(Free-text object descriptions)

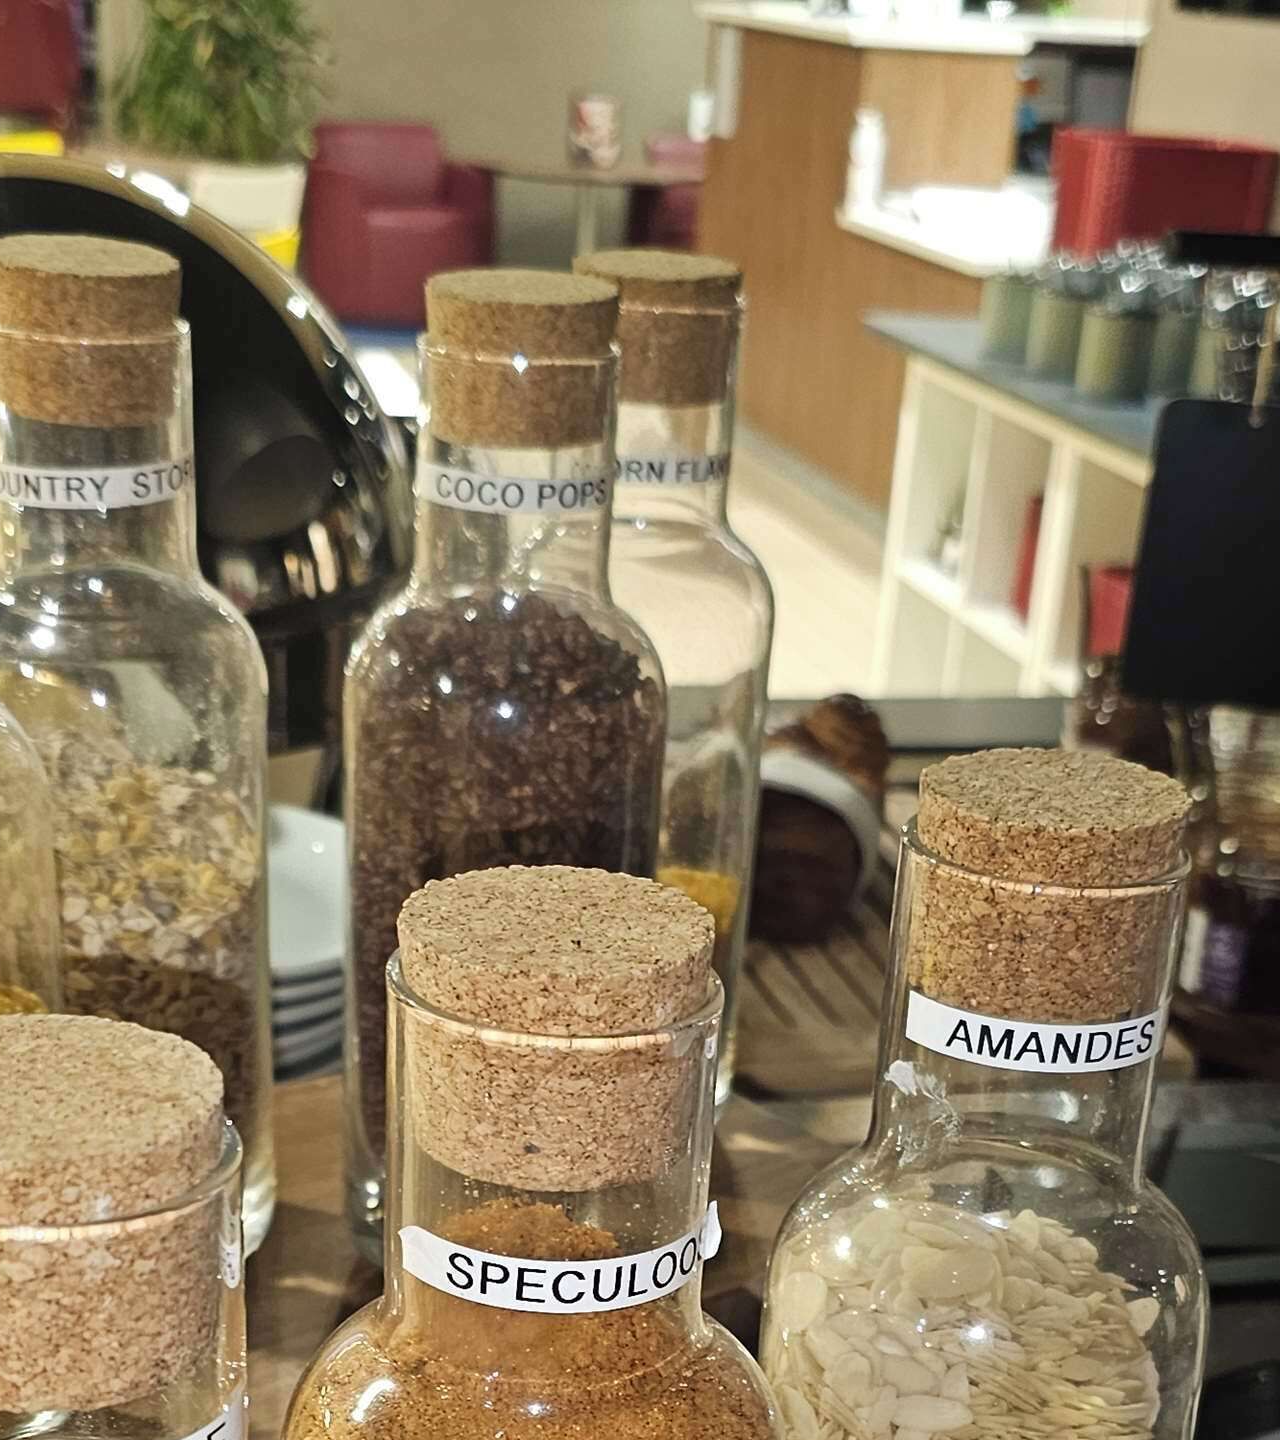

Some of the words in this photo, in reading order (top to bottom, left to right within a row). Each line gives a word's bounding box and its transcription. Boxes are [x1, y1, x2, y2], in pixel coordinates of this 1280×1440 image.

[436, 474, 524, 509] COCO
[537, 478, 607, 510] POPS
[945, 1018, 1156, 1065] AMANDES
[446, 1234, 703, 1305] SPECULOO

Instructions for the task: Full transcription without images: please go through the records and repeat them exactly.

Answer for this exercise:
Some of the words in this photo, in reading order (top to bottom, left to right within a row). Each line gives a word's bounding box and its transcription. Boxes are [x1, y1, x2, y2], in pixel coordinates of this 1280×1440 image.

[436, 474, 524, 509] COCO
[537, 478, 607, 510] POPS
[945, 1018, 1156, 1065] AMANDES
[446, 1234, 703, 1305] SPECULOO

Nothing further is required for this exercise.